What worries McFarlin is that hyper­baric oxygen therapy has joined the ranks of unproven remedies for many conditions, particularly incurable ones such as autism and cerebral palsy.

"Insurance won't pay for those treatments, and all people are getting out of it is bankrupt and heartbreak," he said.

Medicare pays up to $350 for a covered hyperbaric treatment such as a non­healing wound, Gustavson said, adding that commercial insurance for a diver pays nearly $1,000 for a session.

The therapy is not without risks, though most are minor and generally short-lived. They include ear and sinus pain, low blood sugar and anxiety attacks resulting from confinement in the chamber.

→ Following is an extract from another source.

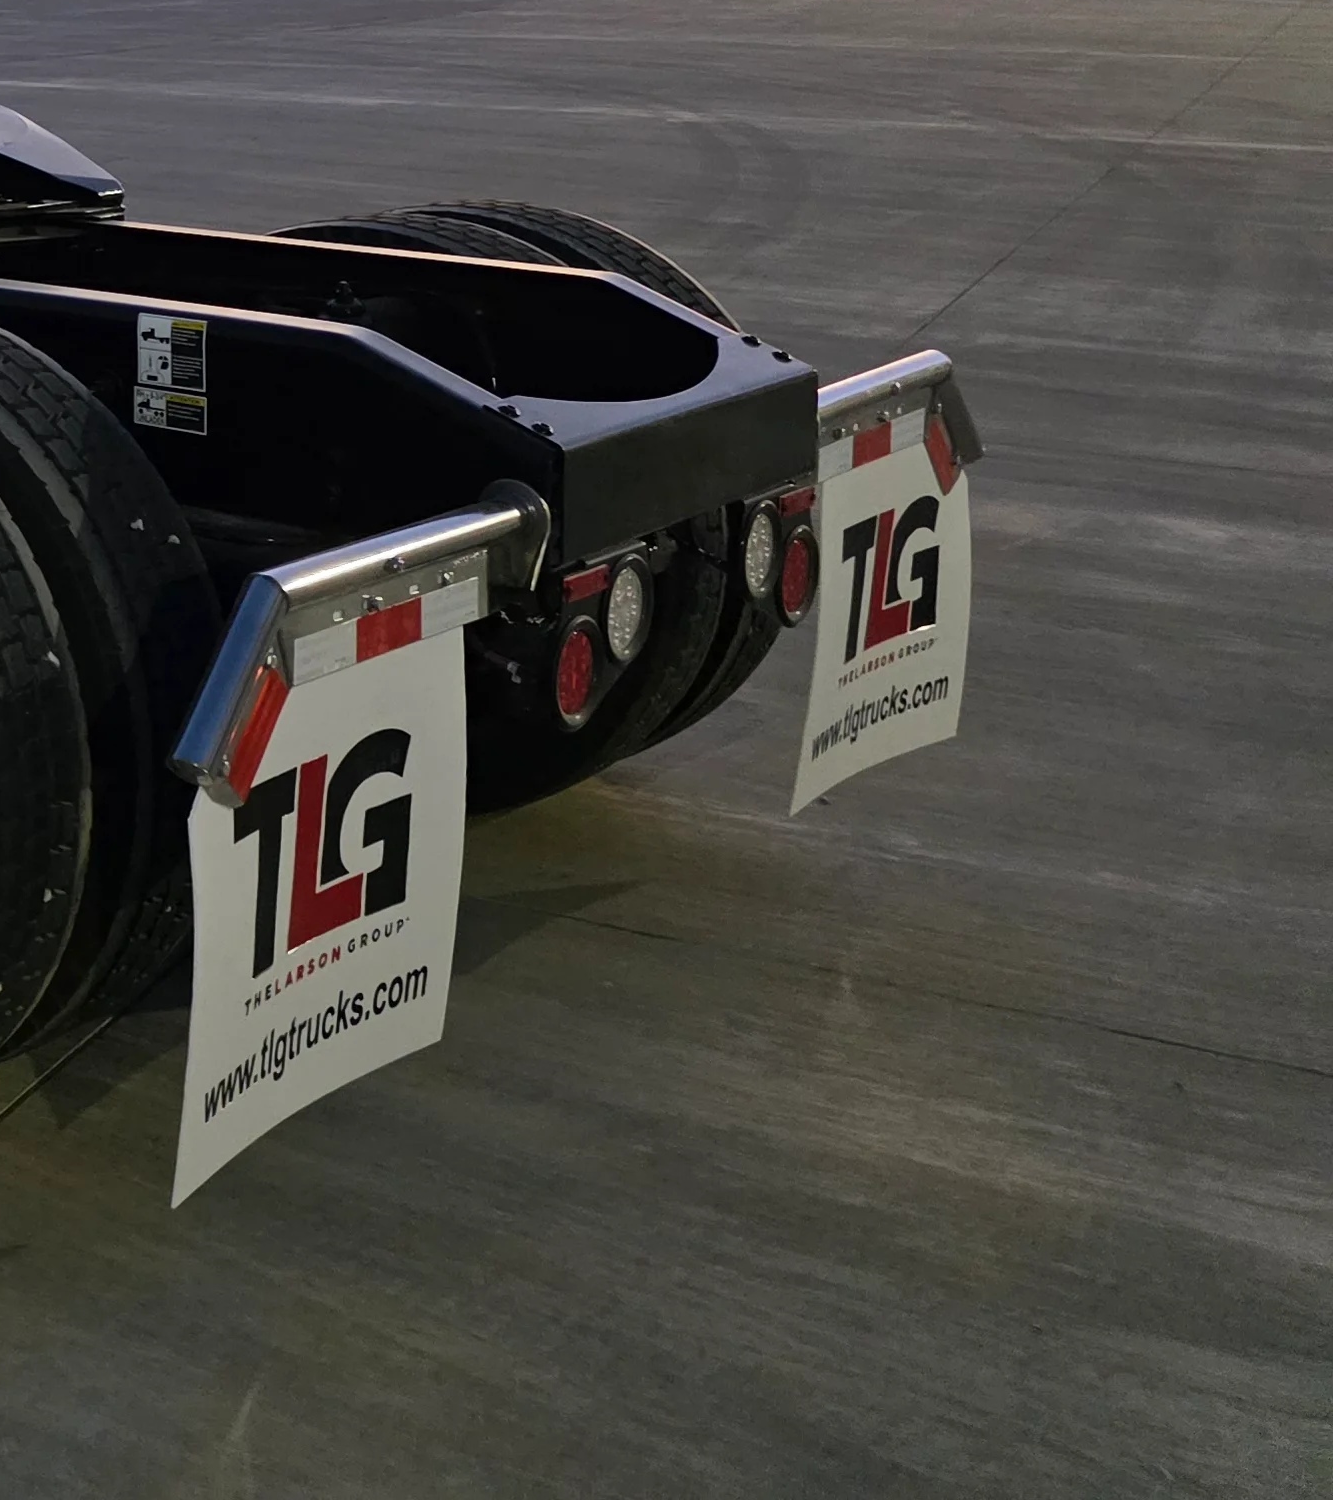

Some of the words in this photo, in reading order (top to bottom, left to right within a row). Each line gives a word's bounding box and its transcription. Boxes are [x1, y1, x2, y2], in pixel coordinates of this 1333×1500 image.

In 2009, a grandmother and her 4-year-old grandson were killed in the explosion of a hyperbaric chamber in Florida. The blast at the Lauderdale-by-the-Sea clinic dislodged a tube attached to a hyper­baric chamber, resulting in an explosion and flash fire, authorities said.

Because hyperbaric oxygen therapy involves the use of pressurized oxygen, McFarlin said, it is obviously a fire and explosion hazard. He said UMC and other hospitals and treatment centers follow specific safety protocols to make fire less of a hazard. Before the Florida accident, there had been no documented fatality in a chamber in more than 75 years of use in North America.

As 58-year-old Susan Jurgensen waited to undergo hyperbaric treatment at UMC, she said each session in the chamber -- three 30-minute treatments with five minute breaks in between comprise a session -- isn't tough to take.

When compression in the chamber is built up, she feels a pressure in her ears that is much like the sensation of descending in an airplane. At the end of the treatment period, when it is time to decompress, she said her ears adjust automatically.

Jurgensen said she prayed that many weeks of sessions in the chamber would help tissue in her face mend, a wound brought upon by a medical accident that she said has broken her heart.

The former model said she was over-radiated during cancer treatment in New York, and she now worries that the scarring on her nose looks like a red bulls-eye.

"I think it's healing the tissue, don't you?" she asked, tears welling in her eyes.

What will be tough to take about the treatment, she said, is if the wound on her nose won't heal.

"People say that with my makeup on they can't see it, but I know it's there. You don't know how bad I want this oxygen therapy to work."